The future of e-business: e-business on demand

When the Internet burst out of the research community in the mid-1990s, it inaugurated one of the most fruitful, creative periods in the history of the information technology industry. Businesses began exploiting this new means of communicating with the larger world. And they experienced levels of integration that enabled their employees to begin acting more quickly and collaborating more effectively. What emerged was a new model called "e-business."

If anything, the market forces that inspired the e-business phenomenon have intensified. Especially in these difficult economic times, companies are looking for new levels of efficiency. Beyond that, the marketplace is compelling them to become more competitive: to find better ways to attract and retain customers, develop better products in more innovative ways and get them to market faster, and to form and extend more productive value chains. In short, they need to take e-business integration to an entirely new, much more profound level.

Even as those market forces press upon business, the technology to achieve this next level of integration has been advancing at an incredible pace. The Internet itself has continued to evolve in reach, capability, and reliability, assimilating ever more powerful, sophisticated, and less expensive technologies, and exploiting higher bandwidth.

All the while, it has been incorporating open standards, like XML-based Web services and the Open Grid Services Architecture. These, in turn, are transforming the Internet into a distributed computing platform capable of unprecedented integration and sharing of compute resources and applications.

This confluence of market forces and technological capabilities has prepared the way for the next step in e-business: e-business on demand. IBM Chairman Sam Palmisano captured its essence last October when he defined an on demand business as "an enterprise whose business processes integrated end-to-end across the company and with key partners, suppliers and customers can respond with speed to any customer demand, market opportunity, or external threat."
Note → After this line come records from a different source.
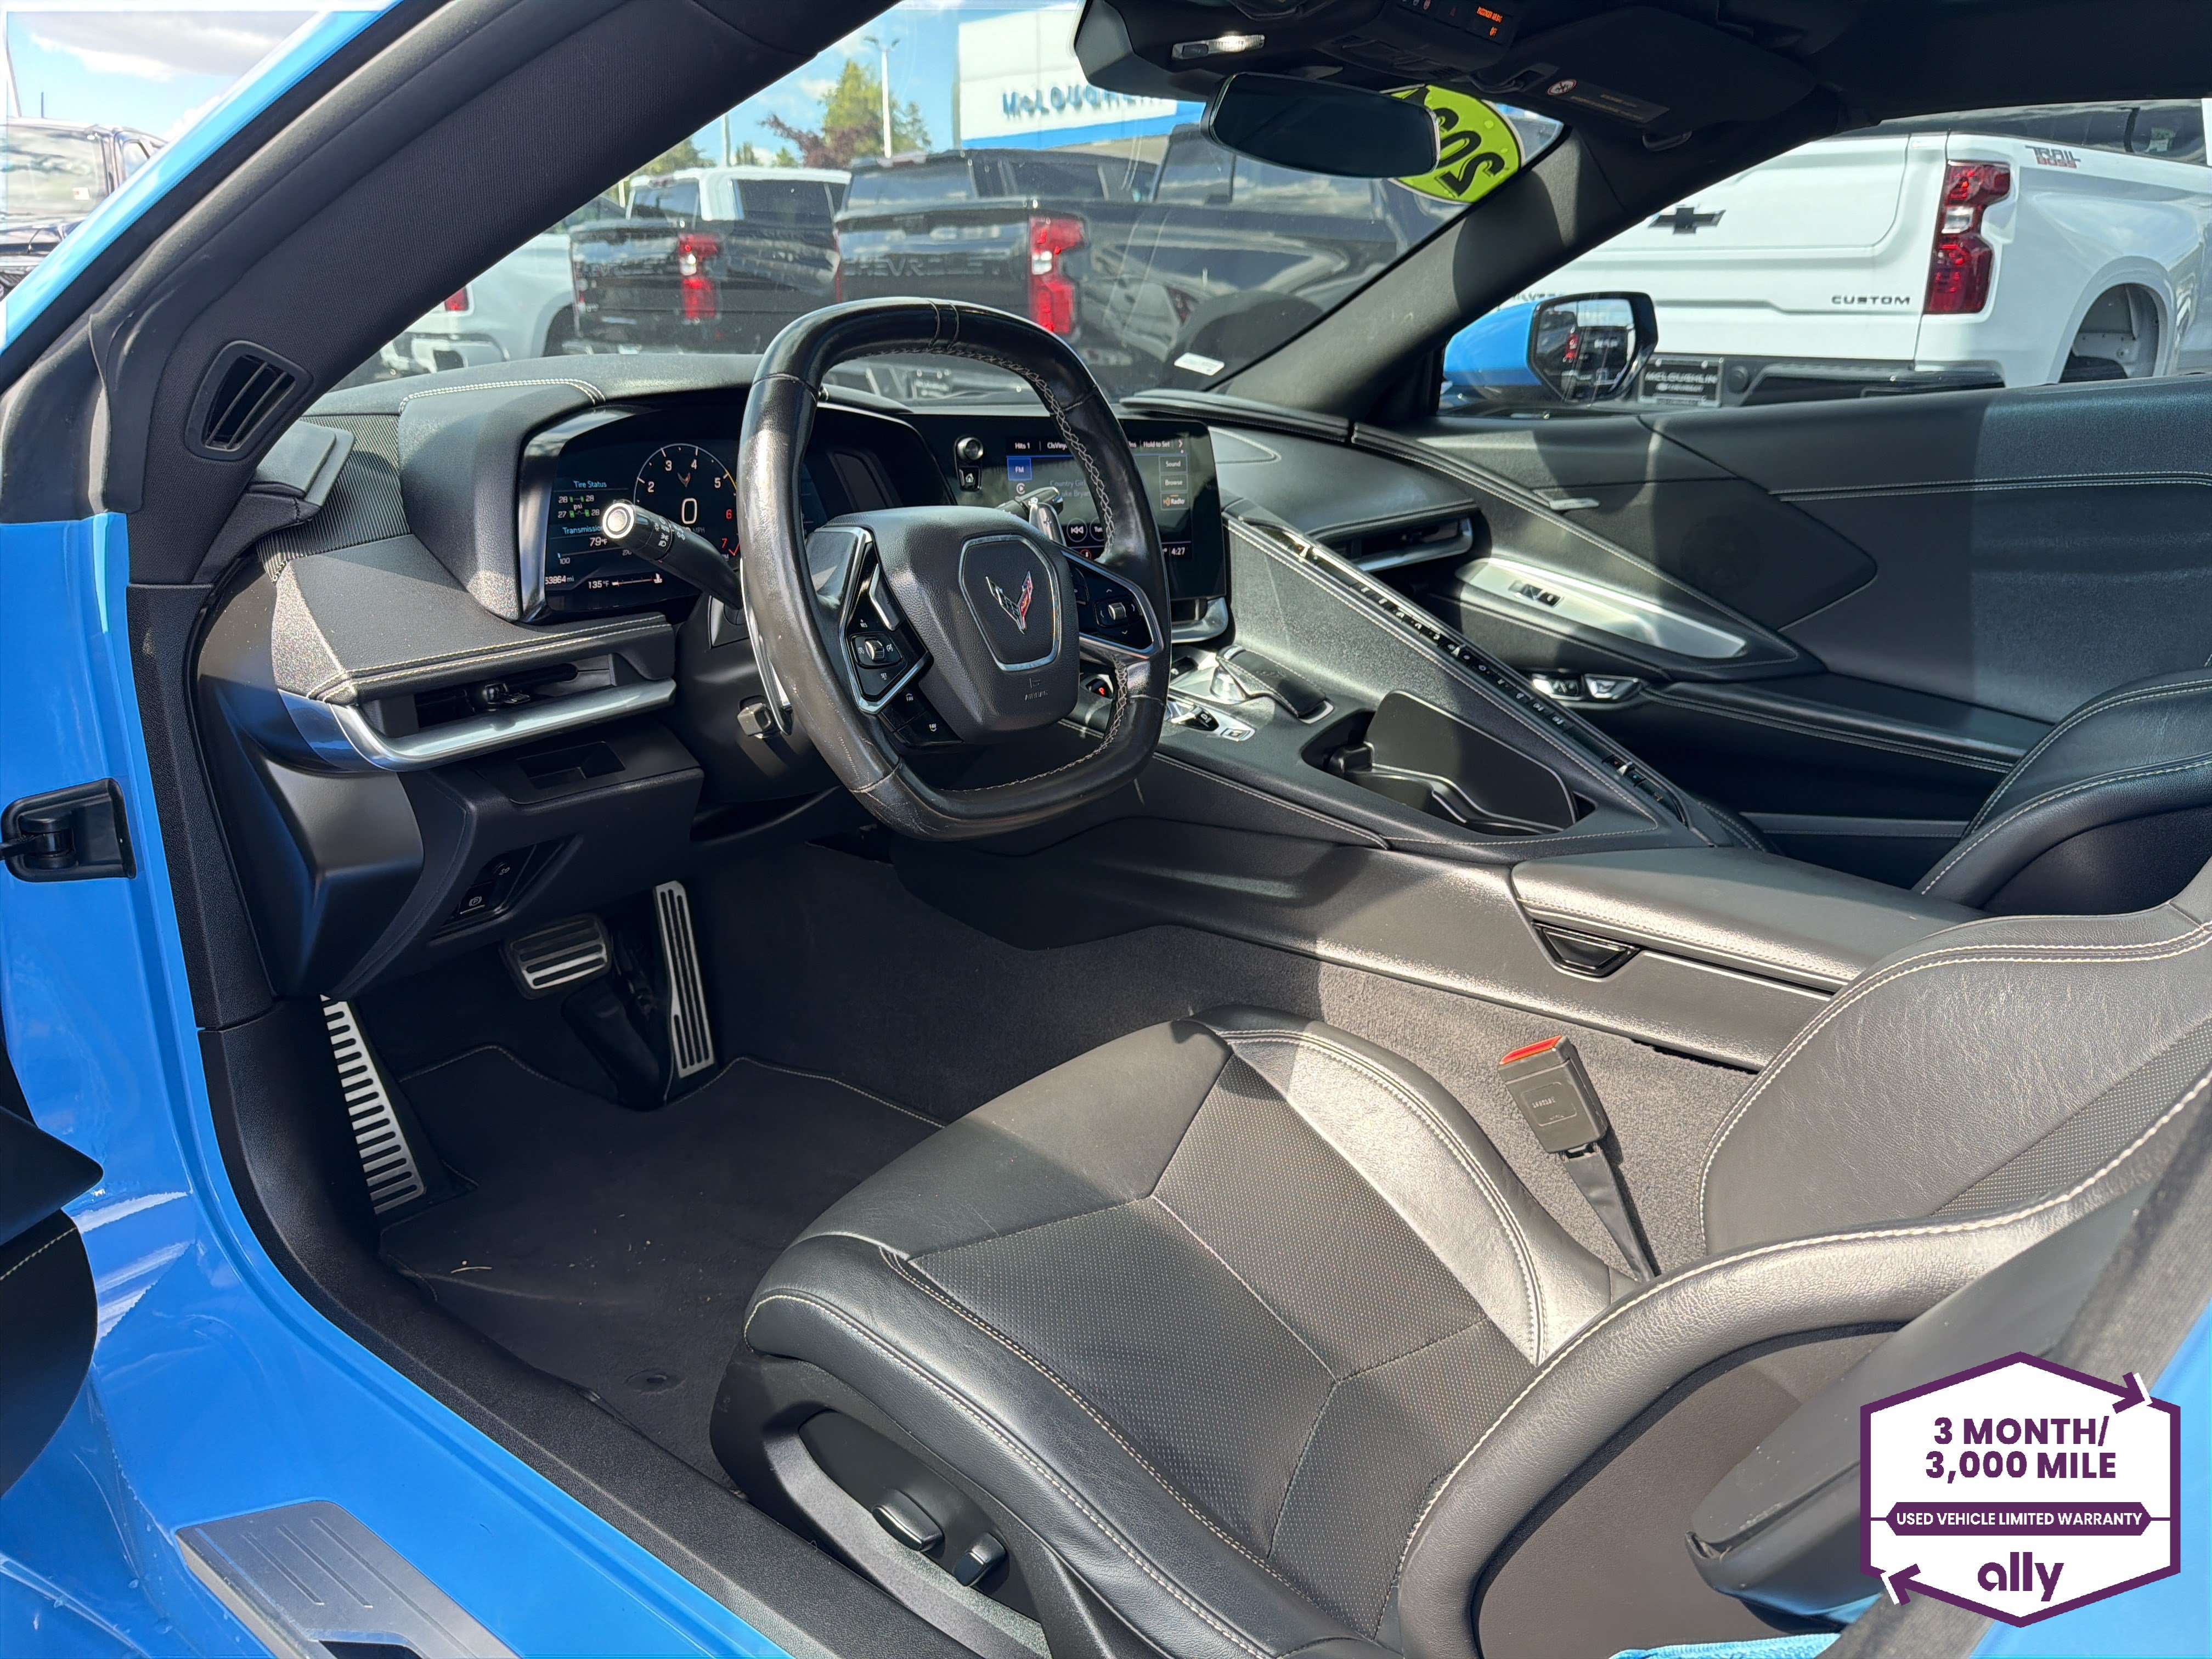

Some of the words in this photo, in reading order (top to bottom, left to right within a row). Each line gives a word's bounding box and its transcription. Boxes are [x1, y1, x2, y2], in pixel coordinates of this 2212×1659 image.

[2025, 145, 2081, 163] TRAIL
[1831, 295, 1910, 305] CUSTOM
[665, 460, 672, 471] 3
[691, 459, 697, 470] 4
[647, 481, 654, 493] 2
[714, 477, 721, 488] 5
[681, 498, 698, 524] 0
[726, 509, 732, 520] 6
[562, 526, 603, 535] Transmissio
[721, 538, 727, 549] 7
[1171, 546, 1186, 556] 4:27
[545, 575, 567, 585] 53864
[588, 580, 610, 589] 135°F
Such an enterprise displays four characteristics. First, it is responsive. Information is available in such an immediate fashion that the enterprise can meet any challenge contemporaneously, as it is emerging, when a customer demand or a market opportunity is fresh and before a threat has had time to become established.
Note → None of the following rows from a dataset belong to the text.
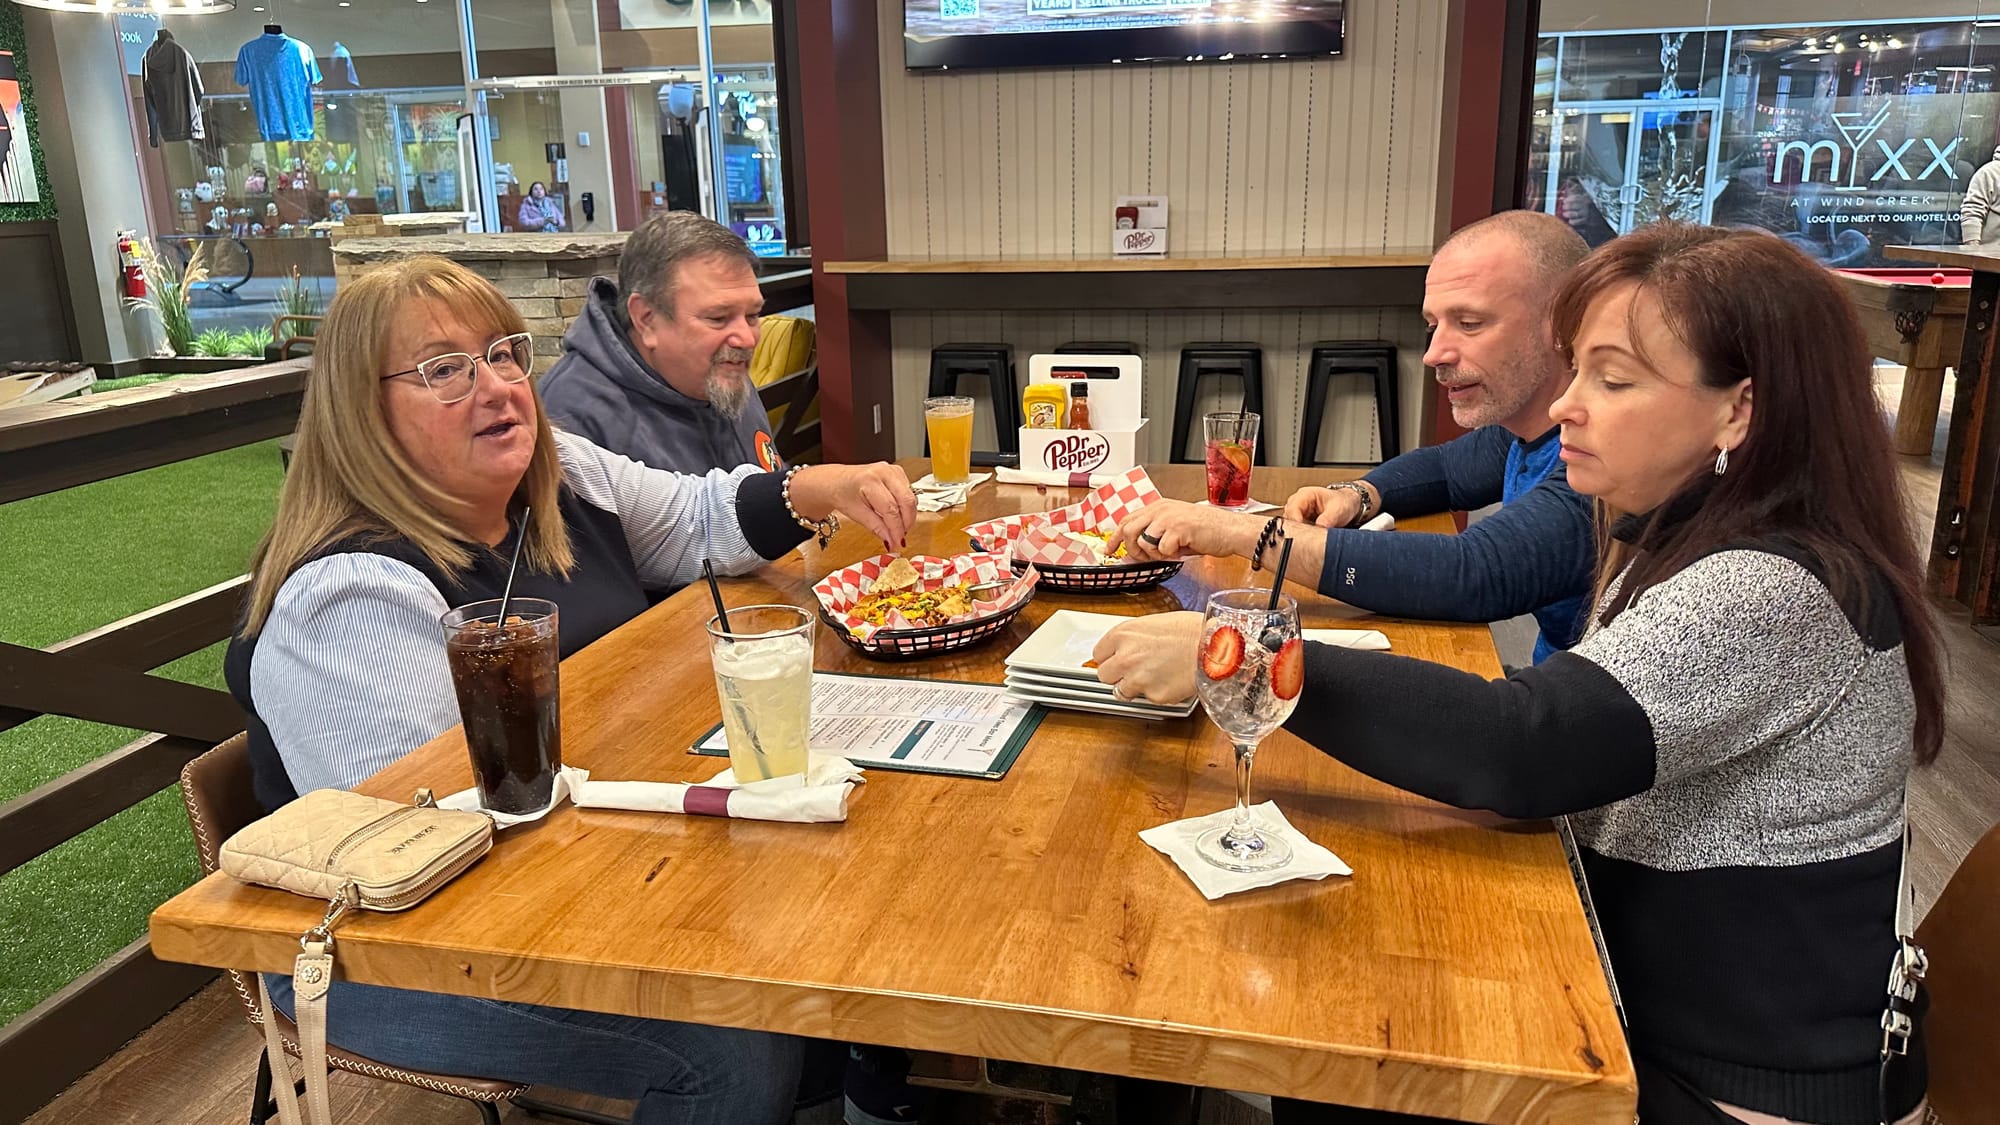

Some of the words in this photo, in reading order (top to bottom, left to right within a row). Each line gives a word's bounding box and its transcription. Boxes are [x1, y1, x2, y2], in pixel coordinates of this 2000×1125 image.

[1790, 198, 1810, 208] AT
[1821, 196, 1865, 207] WIND
[1875, 195, 1931, 206] CREEK
[1806, 214, 1849, 224] LOCATED
[1851, 213, 1875, 223] NEXT
[1878, 213, 1891, 222] TO
[1893, 213, 1913, 222] OUR
[1915, 212, 1945, 222] HOTEL
[1124, 234, 1153, 250] Pepper
[1134, 231, 1146, 241] Dr
[1066, 435, 1090, 455] Dr
[1044, 439, 1105, 471] Pepper
That enterprise is focused on its core competencies and the things that make it stand out from its competitors. It can be focused because, in an on demand operating environment, the business does not have to pay a lot of attention to its IT infrastructure.

Likewise, an on demand business is resilient. Its operating environment has achieved a degree of automation that permits it to be self-managing to regulate itself in an autonomic fashion, just as the human autonomic nervous system controls our basic functions without our having to think about them. The infrastructure is available day-in and day-out.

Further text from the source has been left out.